Once in the maintenance phase, the parts of code that, after removing elastic, are using the queries database, and want to be extended, including a new field for example, must add that field in the queries database and update it.
Remove elasticsearch will save time in the CI, since after the execution of each test case using elasticsearch, it was necessary to completely clear the indexes.
Also, we have a lack of test coverage on a lot of views due to the limitation of our test suite using elastic, so if we implement any alternative we need to cover these views with tests. So our test coverage is going to be increased.
Data Consumer Impact
In the single source of truth that is the BOS database, the data will not change, whatever implementation is chosen in each case, so there is no impact on data consumers.

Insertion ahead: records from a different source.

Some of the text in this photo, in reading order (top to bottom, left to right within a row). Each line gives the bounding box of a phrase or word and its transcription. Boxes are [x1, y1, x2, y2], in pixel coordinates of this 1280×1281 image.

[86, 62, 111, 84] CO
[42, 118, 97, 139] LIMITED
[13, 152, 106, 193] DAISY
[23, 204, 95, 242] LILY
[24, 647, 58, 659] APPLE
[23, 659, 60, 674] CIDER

The queries database will store more information but its use is internal and surely of little interest to other systems (currently there is no consumer of this database beyond the BOS itself).
Deployment
The implementation will be carried out through parallel change, making use of feature toggling through a BosSetting to be able to progressively activate the different parts that are being updated and at the same time have a fine-grained rollback mechanism. The use of a dict type BosSetting, instead of one or more switches is justified by the following:
-
A single switch for the entire epic is not recommended because there is a lot of code that has to be activated at the same time, which is prone to errors, performance problems, etc.
-
Creating a waffle switch for each change we want to add can be too cumbersome (more likely frictions/migration conflicts with other teams adding or removing switches, deal with many items throughout the code individually but they are closely related, etc)
-
Reuse the same switch reduces the ability to work in parallel, since we need to remove the usages of the switch and perform a release to be able to reuse it.

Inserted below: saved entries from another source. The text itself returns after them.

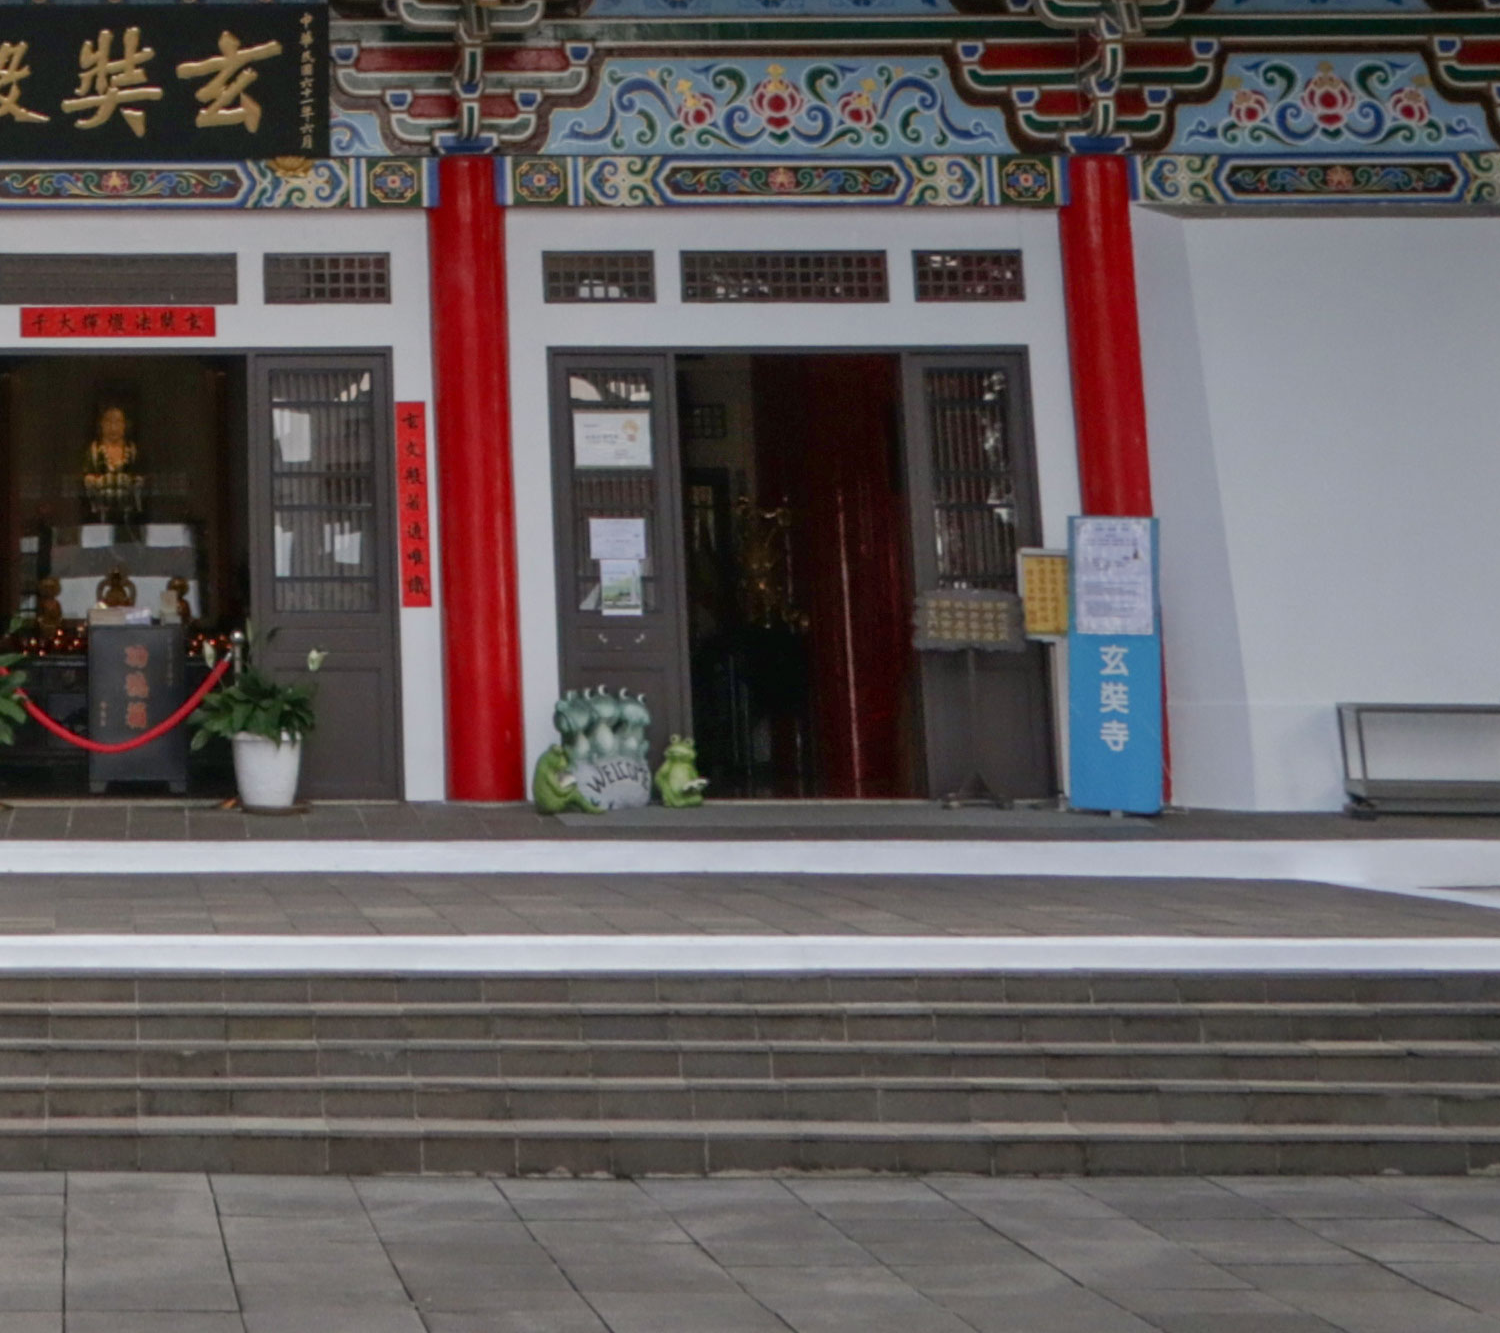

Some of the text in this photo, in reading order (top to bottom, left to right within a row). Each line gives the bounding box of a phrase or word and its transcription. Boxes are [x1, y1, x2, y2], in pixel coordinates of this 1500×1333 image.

[1099, 644, 1130, 753] 玄奘寺
[586, 761, 650, 795] WELCOME
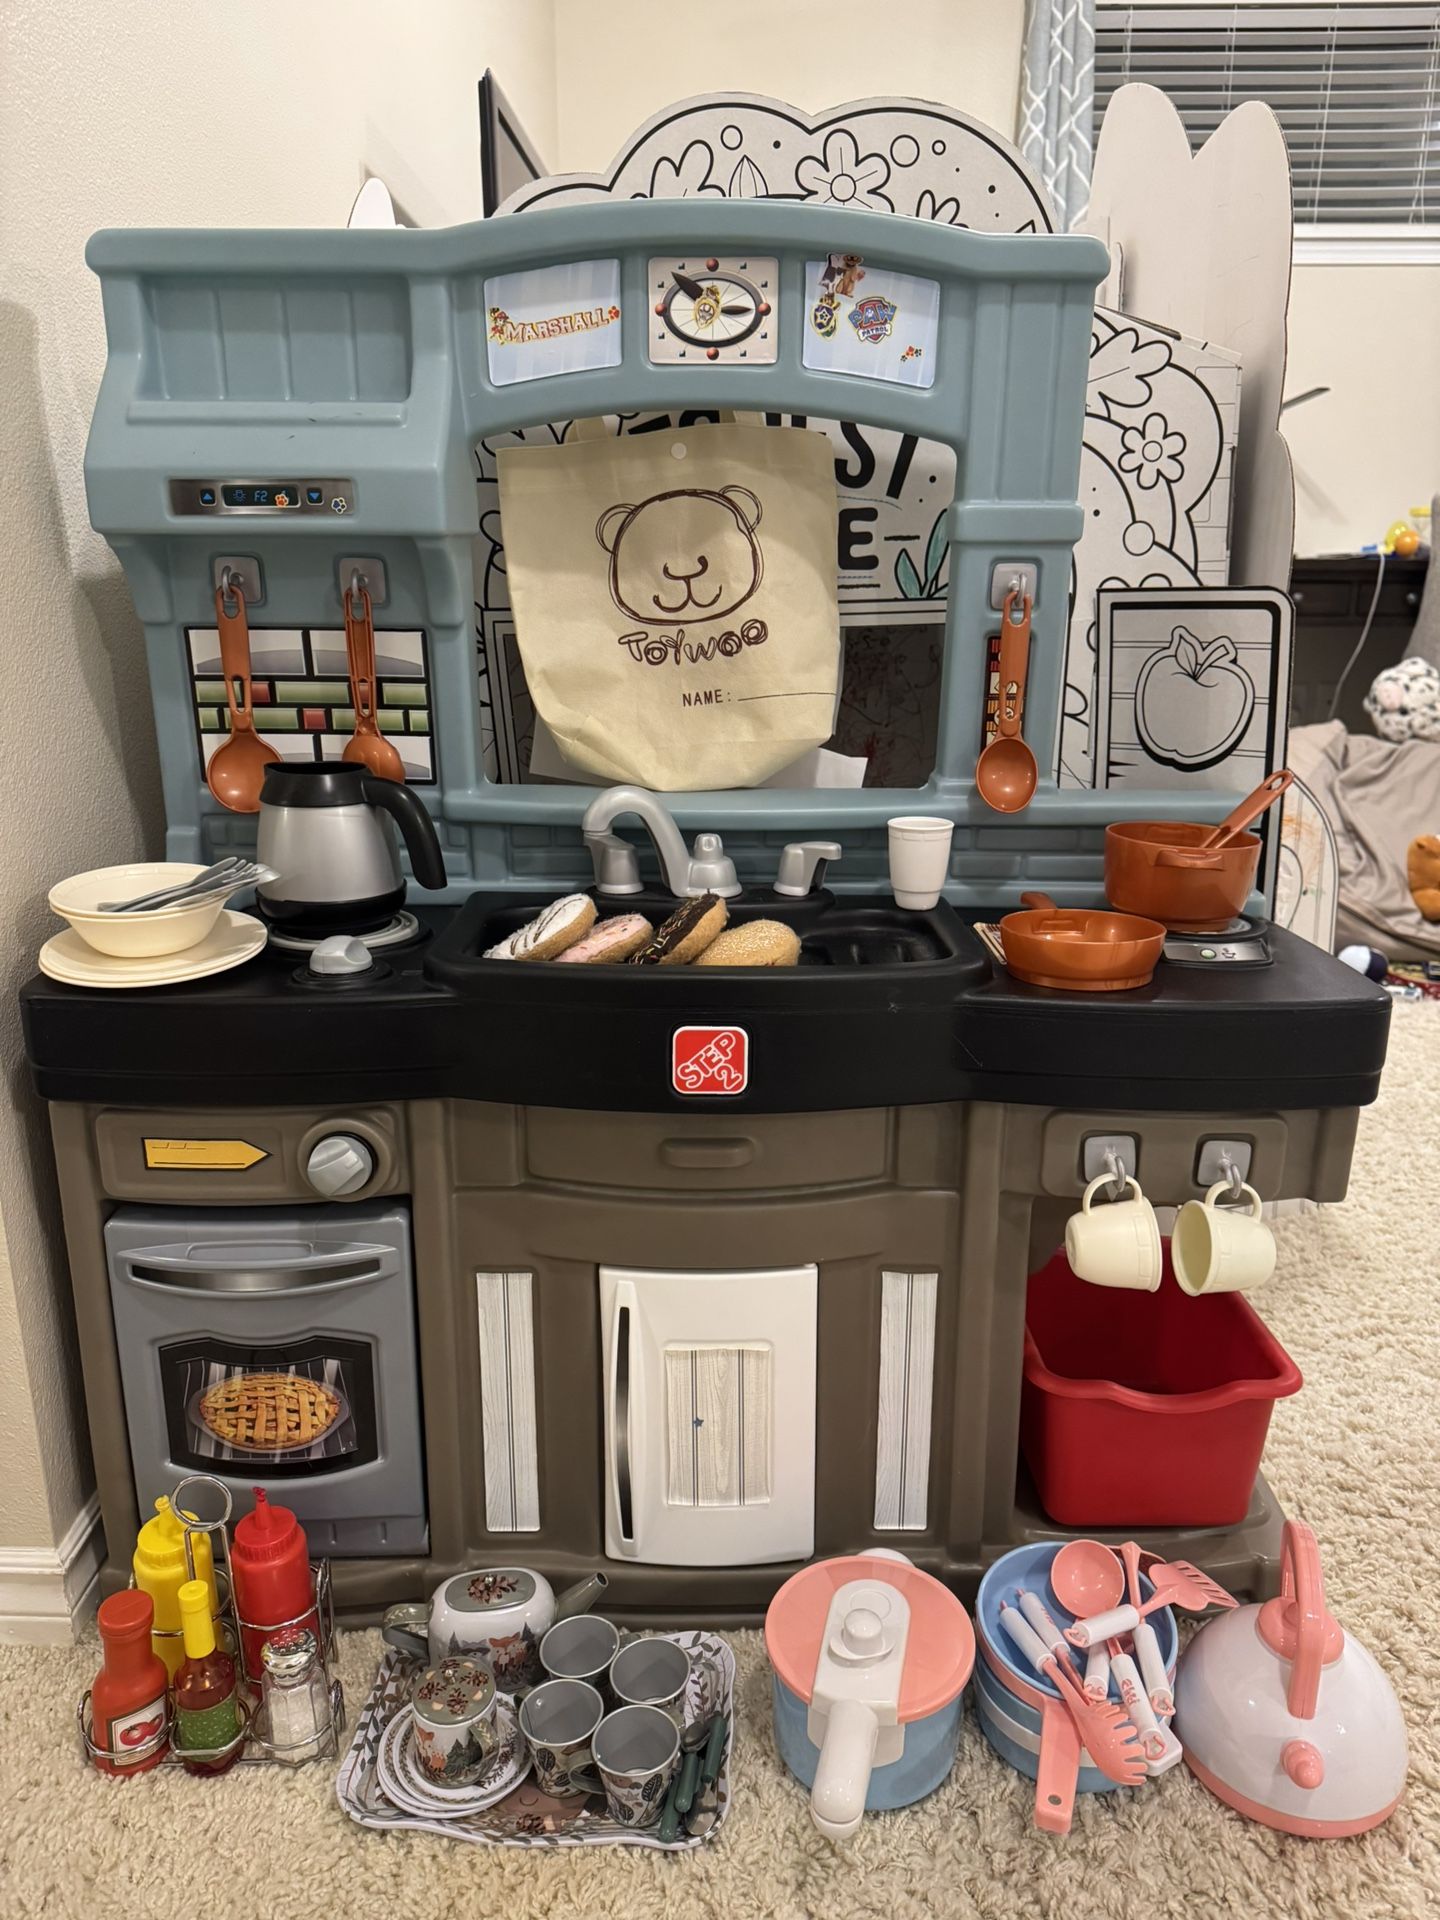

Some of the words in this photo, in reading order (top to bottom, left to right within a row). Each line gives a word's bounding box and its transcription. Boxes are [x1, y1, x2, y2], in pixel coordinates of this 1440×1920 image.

[503, 308, 609, 342] MARSHALL
[848, 304, 897, 329] PAW
[861, 326, 889, 337] PATROL
[254, 490, 268, 502] F2
[682, 689, 731, 707] NAME:
[677, 1032, 736, 1089] STEP
[714, 1063, 743, 1090] 2

The structure of the information BosSetting object will be (names subject to possible changes):
BosSetting
key: 'elastic_replaced'
valuetype: 'dict'
value: {
'hold_queue': 'true'
'global_search': 'true'
'overdue': 'false'
..etc..
}
As we can see, when we talk about a change, we are talking about the replacement of elastic in one part of the application, for example:
-
Hold queue page
-
Overdue page
-
Global search
Therefore, the time frame for deployment the complete epic is as follows:
Creation of BosSetting to manage feature toggling
for each feature:
create a key in BosSetting dict with false value (deactivated)
if the change is through queries database:
creation of a model in queries database
add the triggers to update that model when an element is created/updated/deleted
populate the old items through a django command
elif the change is through database viwes
creation of the view
creation of the unmanaged model
else:
perform the changes in the code to use the ORM
release all the previous code
activate feature: set the key in BosSetting to true
wait a reasonable time to ensure that the behavior is the expected one
remove the code under feature toggling deactivated state (under the key of BosSetting with false value)
Cleaning phase:
Remove the commands created to update the queries database
Remove the BosSetting that controls the feature toggling
Remove the dependencies of elastic in BOS (elasticsearch and haystack libraries)
Remove elasticsearch from BOS infrastructure
Here we can see graphically the steps that we need to perform for each feature to ensure a rollback plan:

The comments with the up arrows refer to the parallel change with the feature active, while the current code remains as it is with the feature inactive.
Dependencies
There is a strong dependency with the squad in charge of materialized properties, as well as data aggregation through the database, to carry out the cases contemplated in case 2 within the solutions to be adopted.
Since the same optimization can be applied in many cases to the same problems (optimizing reports, speeding up page loading, eliminating elastic,...), we will be in close communication to unify solutions whenever possible.